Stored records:
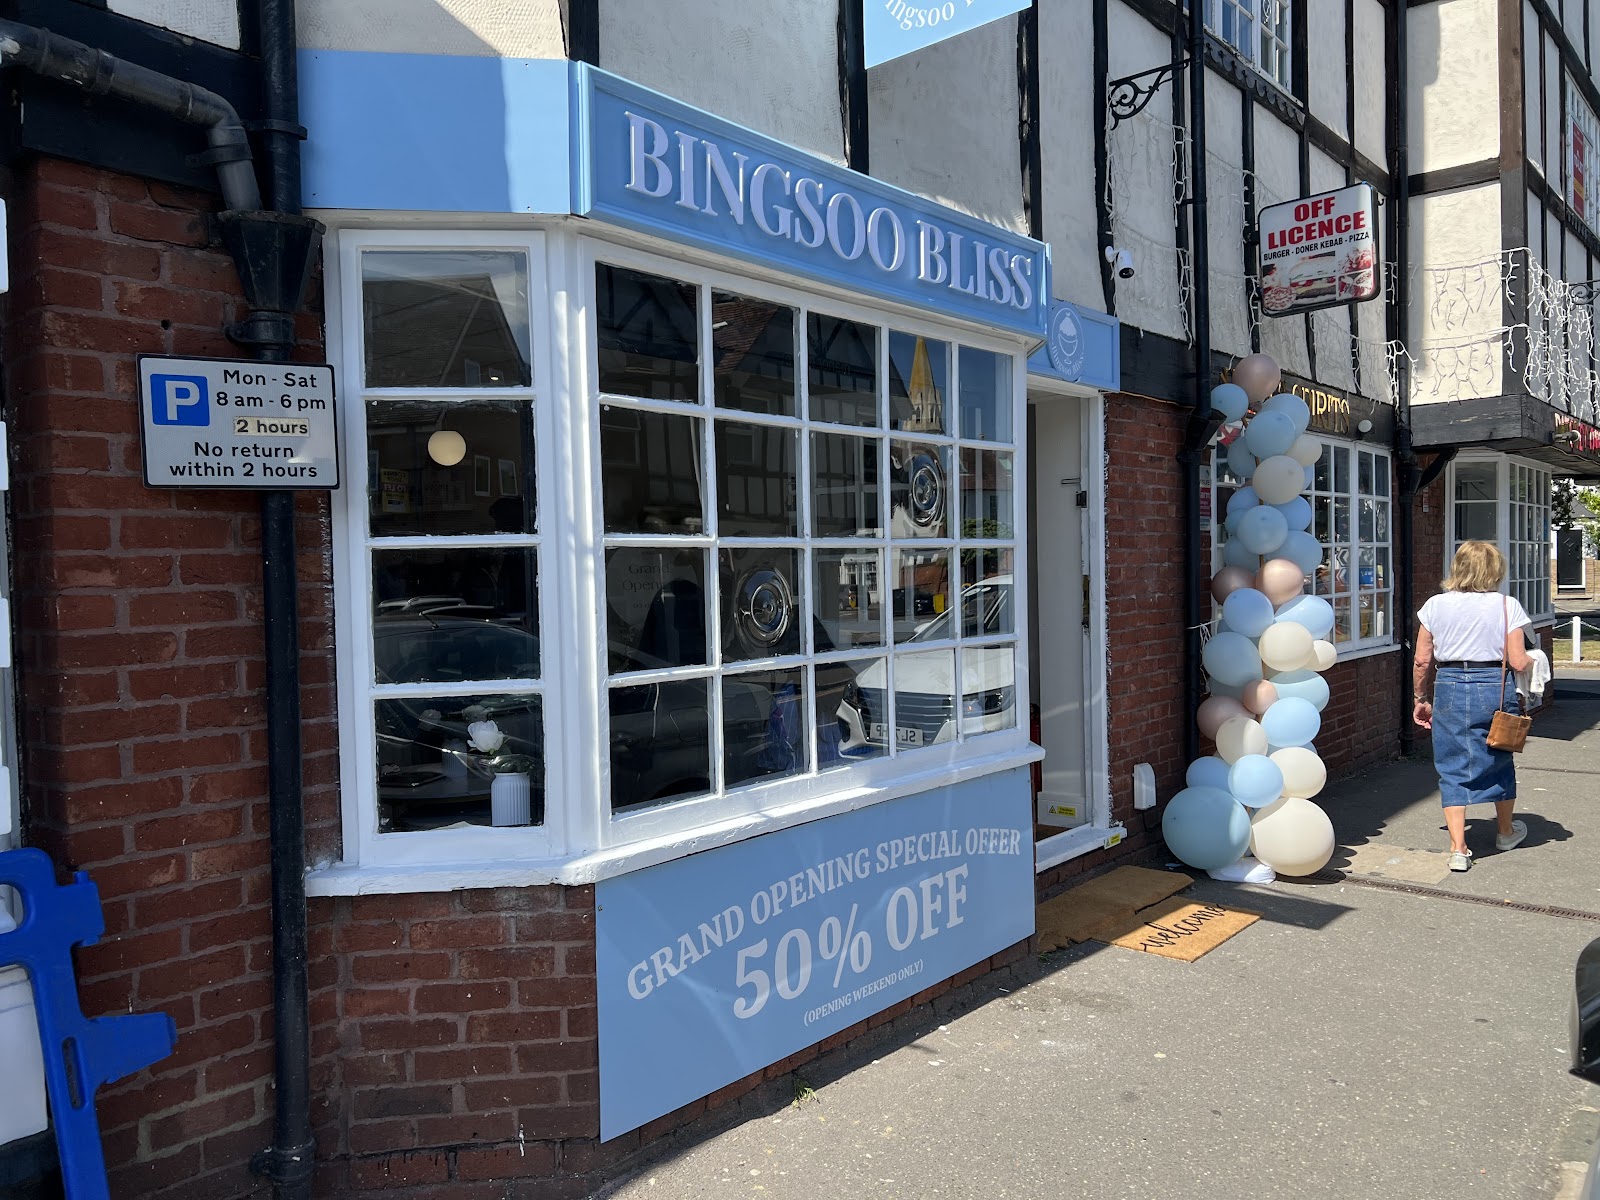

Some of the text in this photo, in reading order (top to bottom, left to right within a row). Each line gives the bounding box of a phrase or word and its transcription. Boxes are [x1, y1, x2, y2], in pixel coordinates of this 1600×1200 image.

[624, 110, 1033, 311] BINGSOO BLISS
[1293, 196, 1336, 222] OFF
[1267, 210, 1366, 250] LICENCE
[1263, 249, 1290, 261] BURGER
[1295, 242, 1319, 254] DONER
[1320, 237, 1343, 249] KEBAB
[1349, 231, 1370, 243] PIZZA
[223, 369, 266, 386] Mon
[283, 372, 317, 388] Sat
[164, 380, 200, 421] P
[216, 391, 229, 406] 8
[234, 396, 264, 407] am
[280, 394, 292, 409] 6
[297, 397, 326, 412] pm
[236, 418, 308, 435] 2 hours
[194, 441, 294, 458] No return
[169, 461, 318, 478] within 2 hours
[622, 580, 662, 593] Open
[627, 828, 1021, 1001] GRAND OPENING SPECIAL OFFER
[1139, 904, 1226, 952] welcome
[733, 863, 969, 1020] 50% OFF
[804, 958, 924, 1027] (OPENING WEEKEND ONLY)

PROBLEM:
Copy out each line of the data exactly as it reads; skip the pictures.

ANSWER TO THE EXERCISE:
Some of the text in this photo, in reading order (top to bottom, left to right within a row). Each line gives the bounding box of a phrase or word and its transcription. Boxes are [x1, y1, x2, y2], in pixel coordinates of this 1600×1200 image.

[624, 110, 1033, 311] BINGSOO BLISS
[1293, 196, 1336, 222] OFF
[1267, 210, 1366, 250] LICENCE
[1263, 249, 1290, 261] BURGER
[1295, 242, 1319, 254] DONER
[1320, 237, 1343, 249] KEBAB
[1349, 231, 1370, 243] PIZZA
[223, 369, 266, 386] Mon
[283, 372, 317, 388] Sat
[164, 380, 200, 421] P
[216, 391, 229, 406] 8
[234, 396, 264, 407] am
[280, 394, 292, 409] 6
[297, 397, 326, 412] pm
[236, 418, 308, 435] 2 hours
[194, 441, 294, 458] No return
[169, 461, 318, 478] within 2 hours
[622, 580, 662, 593] Open
[627, 828, 1021, 1001] GRAND OPENING SPECIAL OFFER
[1139, 904, 1226, 952] welcome
[733, 863, 969, 1020] 50% OFF
[804, 958, 924, 1027] (OPENING WEEKEND ONLY)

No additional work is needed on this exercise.